Statistics:
In the first version of RR3DD, the statistic information about RR3DD is shown in Figure 1 to 4. In Figure 1, The clusters with the number of members more than 10 have been shown. Most of these clusters are less than 100 members. The biggest cluster have 1492 RNA structures, most of them are RNA fragment structures which are solved to research their functions. In Figure 2, we analyzed all RNAs global structures similarity by PCA, and found that they gathered in space. In Figure 3, we mapped RR3DD to Rfam. It showed that the classification result of Rfam is different with the classification result of RR3DD. In Figure 4, we aligned the structures that have not been classfied to the cluster 16(the cluster includes all tRNAs with similar structure) to the structures in cluster 16, and found that they are dissimilar to tRNAs structure because they underwent conformation change.

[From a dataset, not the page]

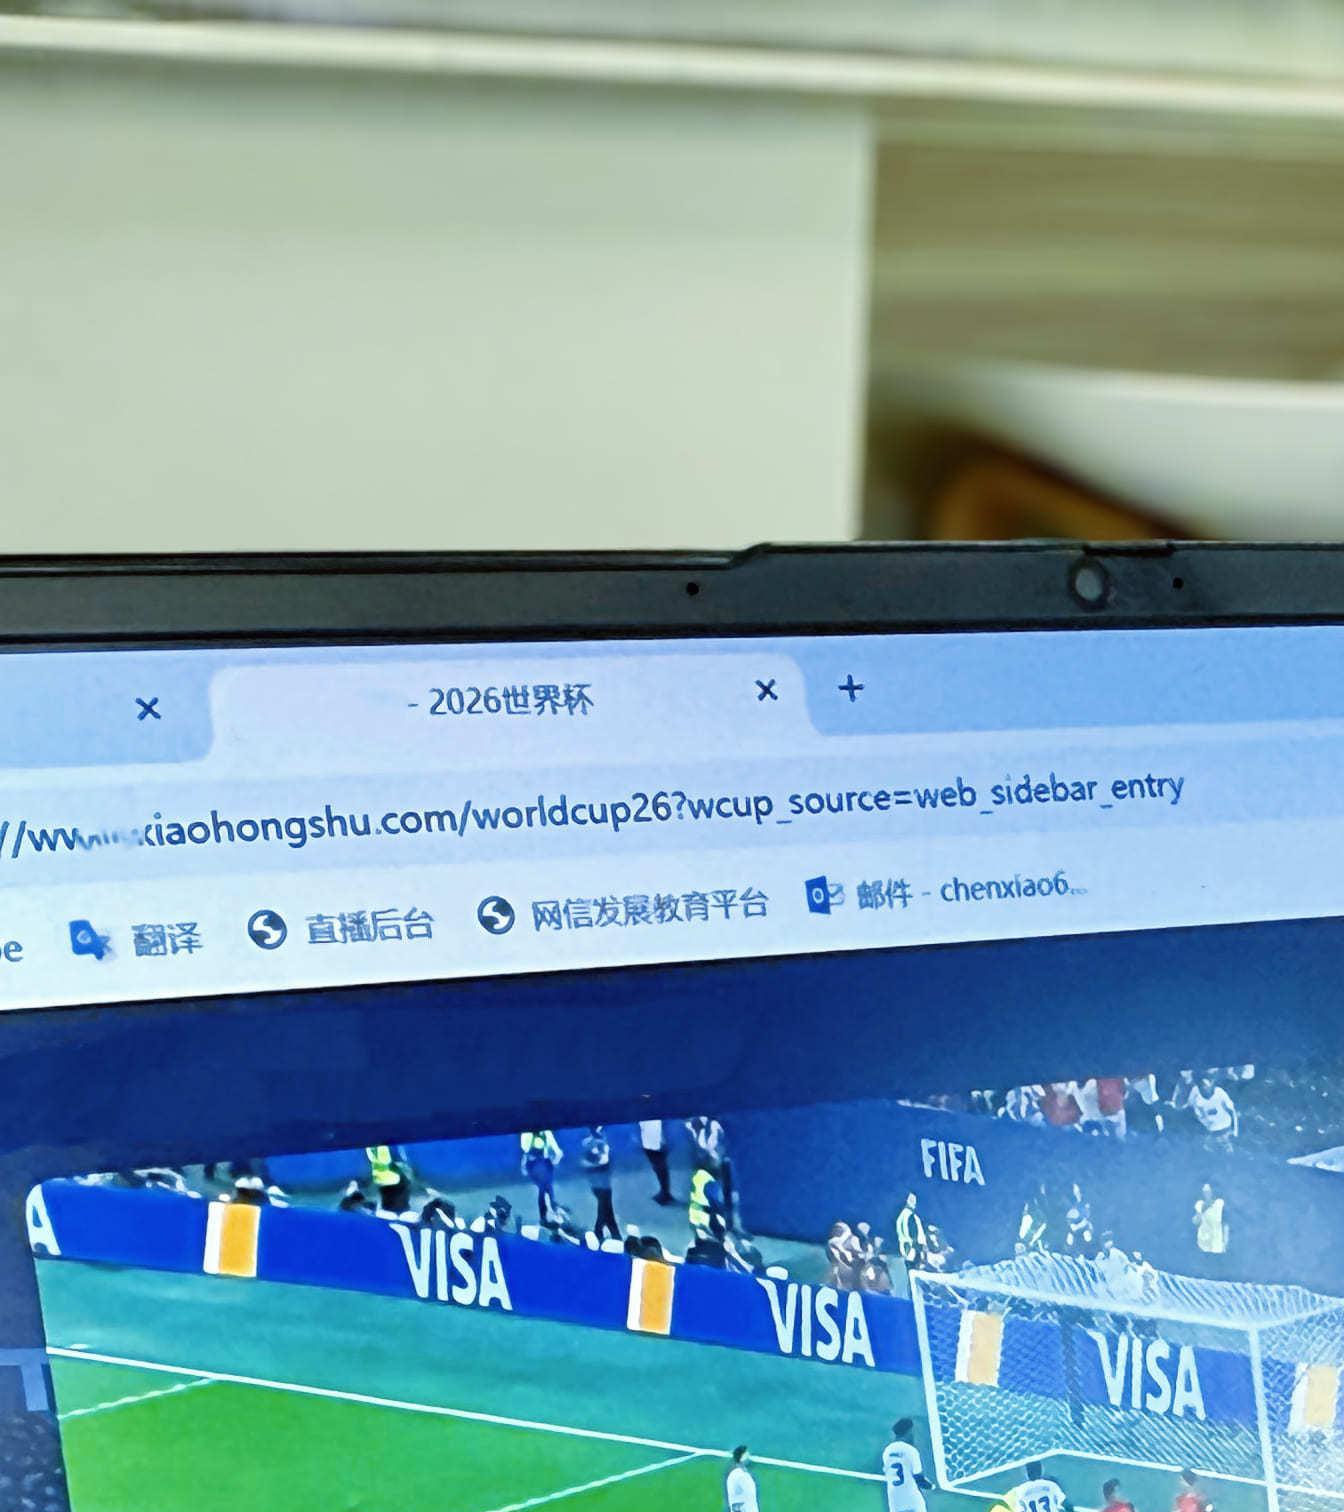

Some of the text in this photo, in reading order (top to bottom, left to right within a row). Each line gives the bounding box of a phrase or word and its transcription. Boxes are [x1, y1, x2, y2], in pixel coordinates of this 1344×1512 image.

Figure 1. The distribution of the number of the members in clusters. The clusters with the number of member less than 10 are not shown.
Figure 2. The principal components analysis of the similarity matrix. The different color points except black point represent different clusters in RR3DD. RNAs in the same class are closed to each other.
Figure 3. The comparing of RR3DD and Rfam. The clusters of RNA in RR3DD are mapped to family ID in Rfam. The horizontal axis represents the cluster. The vertical axis represents the number of the structures belonging to different families of Rfam. Different colors boxes represent the different Rfam families. The figure shows the effect of sequence, secondary and 3D structure on RNA classification.
Figure 4. The boxplot of the tRNAs not in cluster-16. All tRNAs, which are not in cluster-16, are aligned to all the tRNAs of cluster-16. The vertical line (RMscore = 0.45) is the cutoff of the clustering. The structure not in cluster-16 have intrinsically disorder regions, the structure dissimilar with tRNAs in cluster-16.